The XX Factor

Jennifer Lawrence and Bradley Cooper Have Us Wondering: Why Don’t More People Discuss Their Compensation?

Bradley Cooper Jennifer Lawrence
Equal-pay advocates Bradley Cooper and Jennifer Lawrence at the 2014 Golden Globes.

Photo by Robyn Beck/AFP/Getty Images

Last week, Jennifer Lawrence published an essay in Lena Dunham’s Lenny newsletter about finding out, courtesy of December’s epic Sony hack, that she received less in back-end compensation for American Hustle than her male co-stars Christian Bale, Bradley Cooper, and Jeremy Renner. (Jeremy Renner! Was he even in that movie?) “When the Sony hack happened and I found out how much less I was being paid than the lucky people with dicks,” the Oscar winner wrote, “I didn’t get mad at Sony. I got mad at myself. I failed as a negotiator because I gave up early.”

Yup, Jennifer Lawrence blames Jennifer Lawrence, not Sony executives or her own representation at Creative Artists Agency, for not getting paid what she was owed on American Hustle.

“I would be lying if I didn’t say there was an element of wanting to be liked that influenced my decision to close the deal without a real fight,” Lawrence added.

Ironically, the person to help point out the flaws in this logic was not only a man, but one of Lawrence’s overpaid co-stars.

When a reporter for Reuters asked Bradley Cooper about the essay during a press junket, Cooper commended Lawrence for speaking up, adding that what Amy Adams earned on Hustle was “really horrible” and “almost embarrassing.” Cooper said he’s started “teaming up with female co-stars to negotiate salaries” before films go into production, Reuters reported.

“Usually you don’t talk about financial stuff, you have people,” Cooper said. “But you know what? It’s time to start doing that.”

In the United States, this is something of a revolutionary idea. We’ve got a problem when it comes to sharing compensation details with one another. Not only is it considered uncouth, a social faux pas—it’s also something that many businesses do not allow, even though it’s a violation of federal law to punish employees who discuss their pay with one another. Many people seem to fear getting fired or otherwise punished for talking about salary with co-workers.

The Internet allows ways to get around this—forums to share your salary while remaining anonymous. The website Who Pays Writers has been a boon to freelancers. A group of Google workers, led by now former Google engineer Erica Baker (now employed at Slack) also established a spreadsheet for employees to share their compensation. The result?

Without knowing what others are earning, it’s all but impossible to determine if one is getting paid equally or fairly. Just ask Lilly Ledbetter. Her version of the Sony hack was an unsigned note—received after she’d put in 20 years at Goodyear Tires—that listed her salary and the (higher) salaries of several men performing the same job.

One dominant strain of thought—reinforced by Lawrence’s essay—says women simply need to be tougher about negotiating their pay.

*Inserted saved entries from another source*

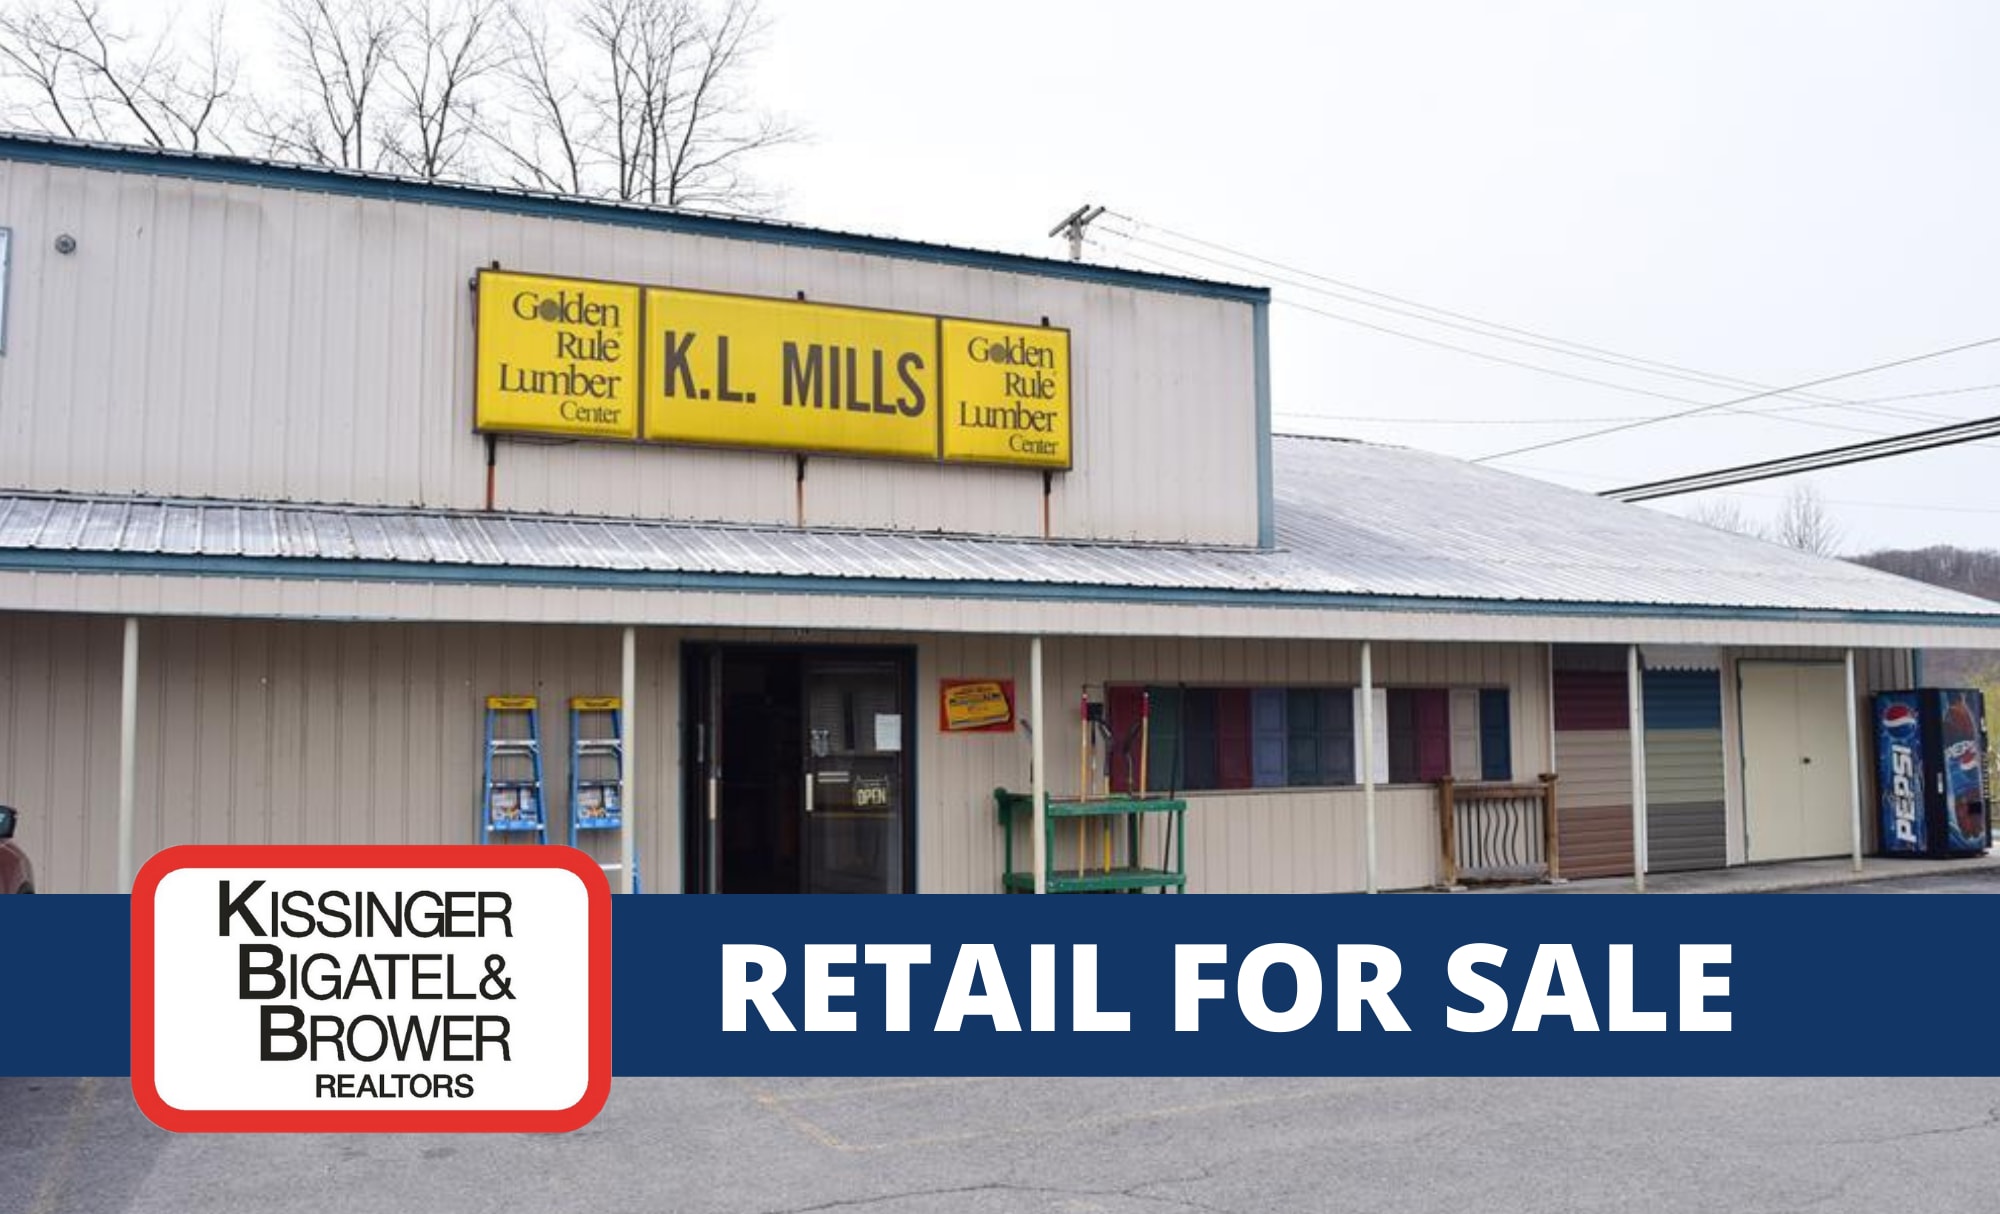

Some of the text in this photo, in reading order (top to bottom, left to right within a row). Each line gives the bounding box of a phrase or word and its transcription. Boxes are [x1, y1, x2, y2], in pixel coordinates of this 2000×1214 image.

[513, 291, 620, 328] Golden
[557, 330, 619, 362] Rule
[967, 335, 1054, 369] Golden
[499, 363, 621, 399] Lumber
[663, 330, 926, 418] K.L. MILLS
[1005, 371, 1056, 400] Rule
[560, 401, 621, 424] Center
[959, 400, 1057, 433] Lumber
[1008, 434, 1058, 456] Center
[857, 787, 886, 806] OPEN
[1892, 745, 1917, 843] PEPSI

According to research by Linda Babcock at Carnegie Mellon University; Hannah Riley Bowles at Harvard University’s Kennedy School of Government; and Lei Lai, also at Carnegie Mellon—yes, women are less likely to negotiate. But there is a good (that is, very bad) reason why: Both men and women are less likely to want to work with women who ask for more money.

Yet Bowles and Babcock, writing with Kathleen McGinn at Harvard’s Business School, also found that women receive a much better reception when they seek to get someone other than themselves more money. Bowles and Babcock also discovered that women can get bigger bucks if they take extra care to position themselves as part of an organization and working for the good of the team—which means more work, of course, and a bigger emphasis on social aptitude. Still another piece of research found that the time-honored strategy of finding a matching offer from another organization was perceived negatively.

Taken all together, women have “good reason,” as Bowles said in the New Yorker last year, for not wanting to take a tough approach if and when they ask for their due.

Hollywood raises one other problem, one that even the indefatigable Bowles and Babcock haven’t gotten to yet: A study published last year in the Journal of Management Inquiry discovered that actresses can expect to see their earnings per film top out at age 34, and decline rapidly after that. Actors? They get another 17 years, hitting peak earnings potential at 51. So 25-year-old Lawrence has nine years to go, while 40-year-old Cooper has 11.

When it’s every man or woman for him- or herself, we know who will get the short end of the pay stick. Kudos to Cooper for pointing that out.